EXERCISE AIM → Every line of the listing below is to be duplicated exactly, with the pictures left out.

INPUT FOR THIS TASK →
==*==

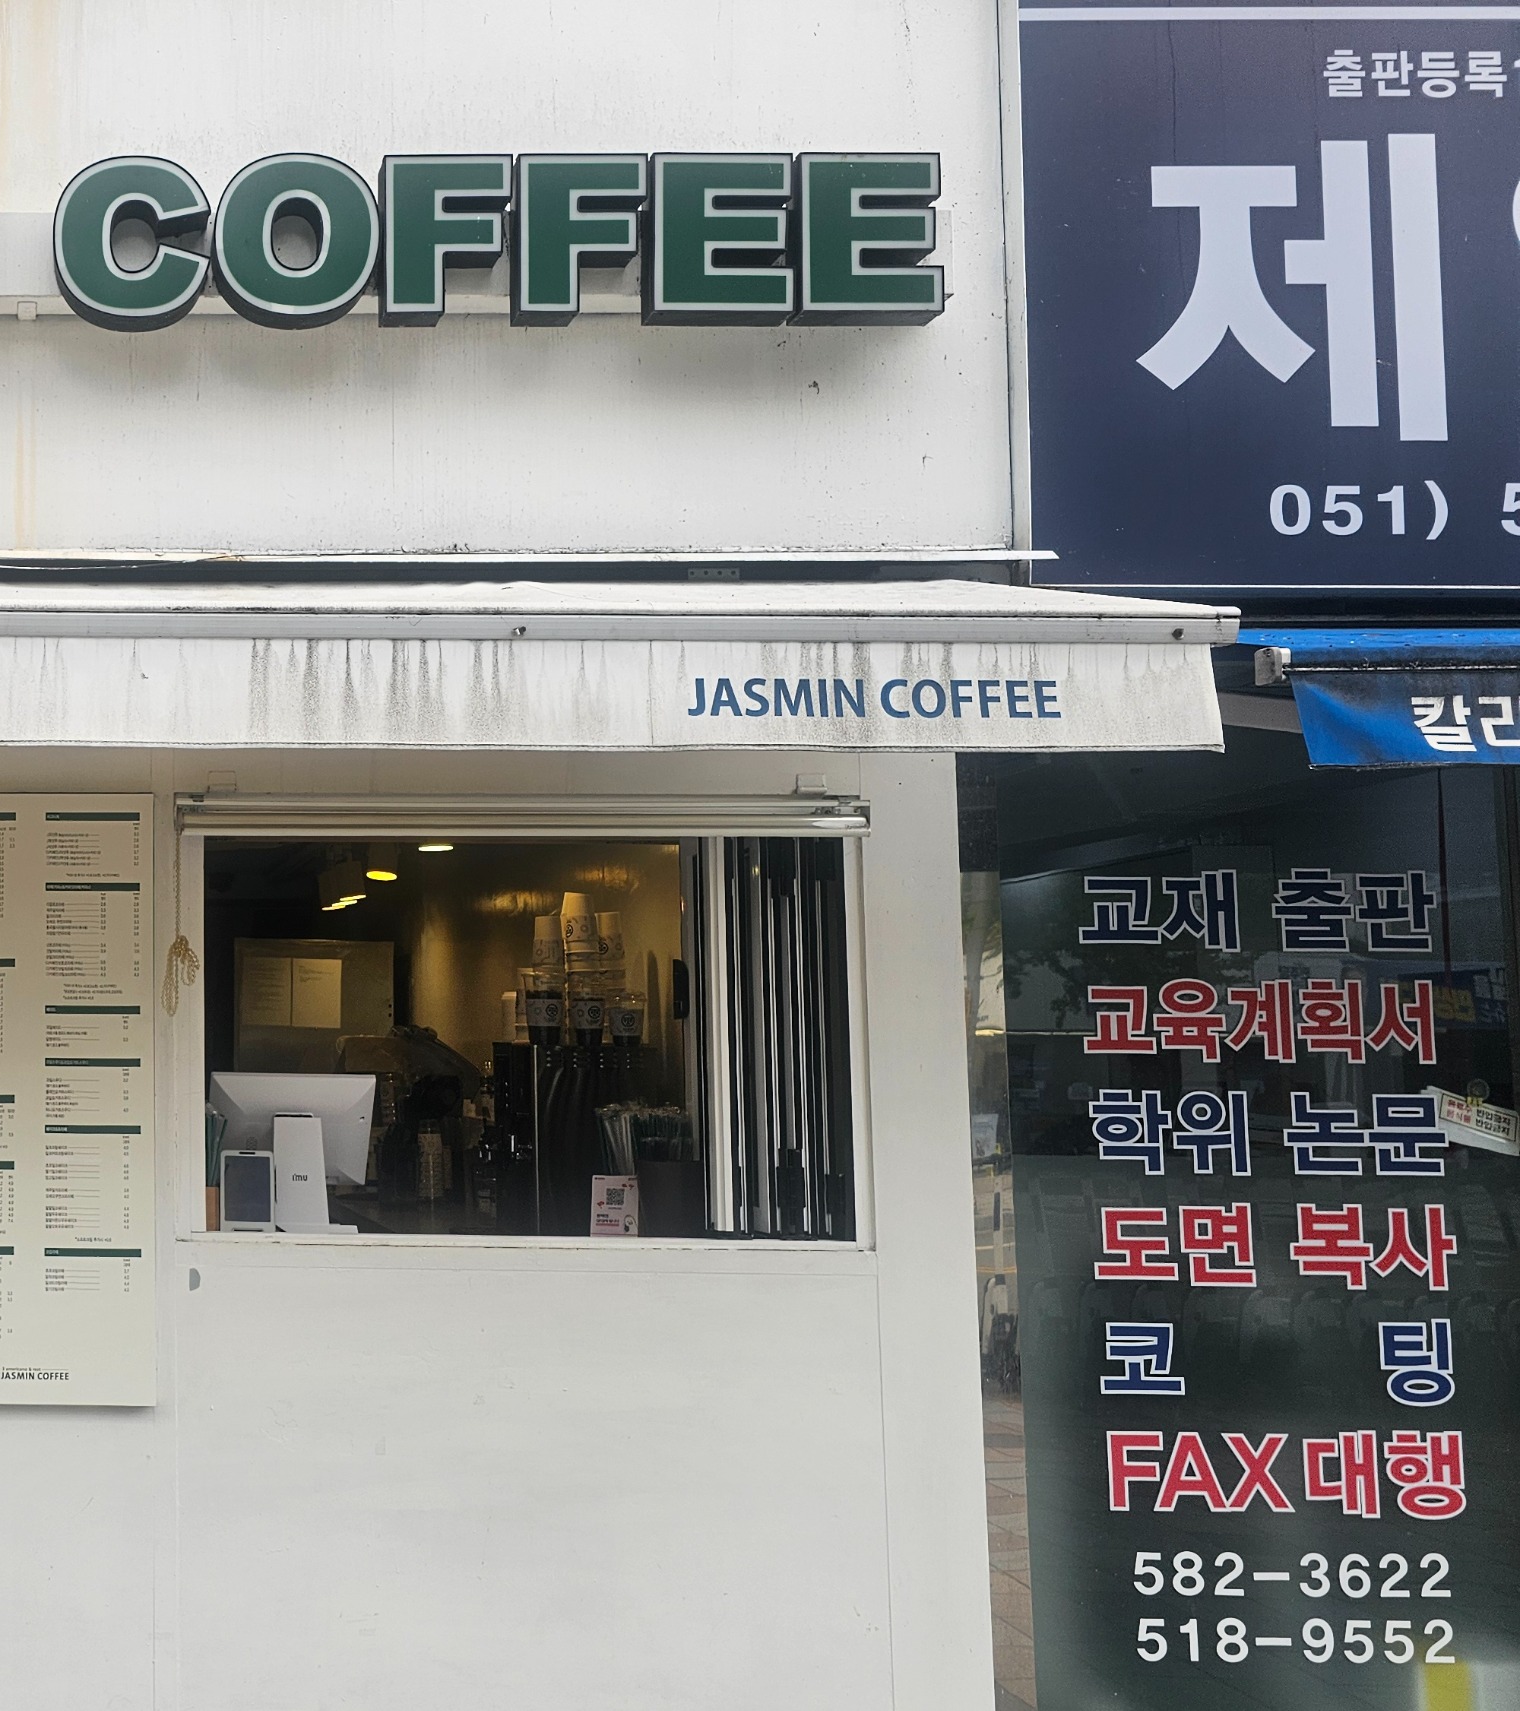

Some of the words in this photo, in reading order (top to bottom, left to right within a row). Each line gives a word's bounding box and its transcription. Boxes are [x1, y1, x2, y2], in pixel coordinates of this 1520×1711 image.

[1323, 50, 1520, 98] 출판등록
[52, 152, 946, 330] COFFEE
[1136, 133, 1520, 441] 제
[1269, 480, 1449, 540] 051)
[688, 678, 866, 718] JASMIN
[880, 680, 1062, 718] COFFEE
[1079, 869, 1241, 953] 교재
[1272, 868, 1436, 952] 출판
[1084, 978, 1437, 1064] 교육계획서
[1089, 1089, 1252, 1176] 학위
[1284, 1092, 1449, 1176] 논문
[1094, 1202, 1257, 1287] 도면
[1290, 1203, 1457, 1290] 복사
[1, 1371, 35, 1380] JASMIN
[37, 1372, 70, 1381] COFFEE
[1106, 1431, 1295, 1512] FAX
[1303, 1431, 1466, 1520] 대행
[1133, 1551, 1452, 1598] 582-3622
[1136, 1618, 1456, 1664] 518-9552

==*==

EXPECTED ANSWER →
Some of the words in this photo, in reading order (top to bottom, left to right within a row). Each line gives a word's bounding box and its transcription. Boxes are [x1, y1, x2, y2], in pixel coordinates of this 1520×1711 image.

[1323, 50, 1520, 98] 출판등록
[52, 152, 946, 330] COFFEE
[1136, 133, 1520, 441] 제
[1269, 480, 1449, 540] 051)
[688, 678, 866, 718] JASMIN
[880, 680, 1062, 718] COFFEE
[1079, 869, 1241, 953] 교재
[1272, 868, 1436, 952] 출판
[1084, 978, 1437, 1064] 교육계획서
[1089, 1089, 1252, 1176] 학위
[1284, 1092, 1449, 1176] 논문
[1094, 1202, 1257, 1287] 도면
[1290, 1203, 1457, 1290] 복사
[1, 1371, 35, 1380] JASMIN
[37, 1372, 70, 1381] COFFEE
[1106, 1431, 1295, 1512] FAX
[1303, 1431, 1466, 1520] 대행
[1133, 1551, 1452, 1598] 582-3622
[1136, 1618, 1456, 1664] 518-9552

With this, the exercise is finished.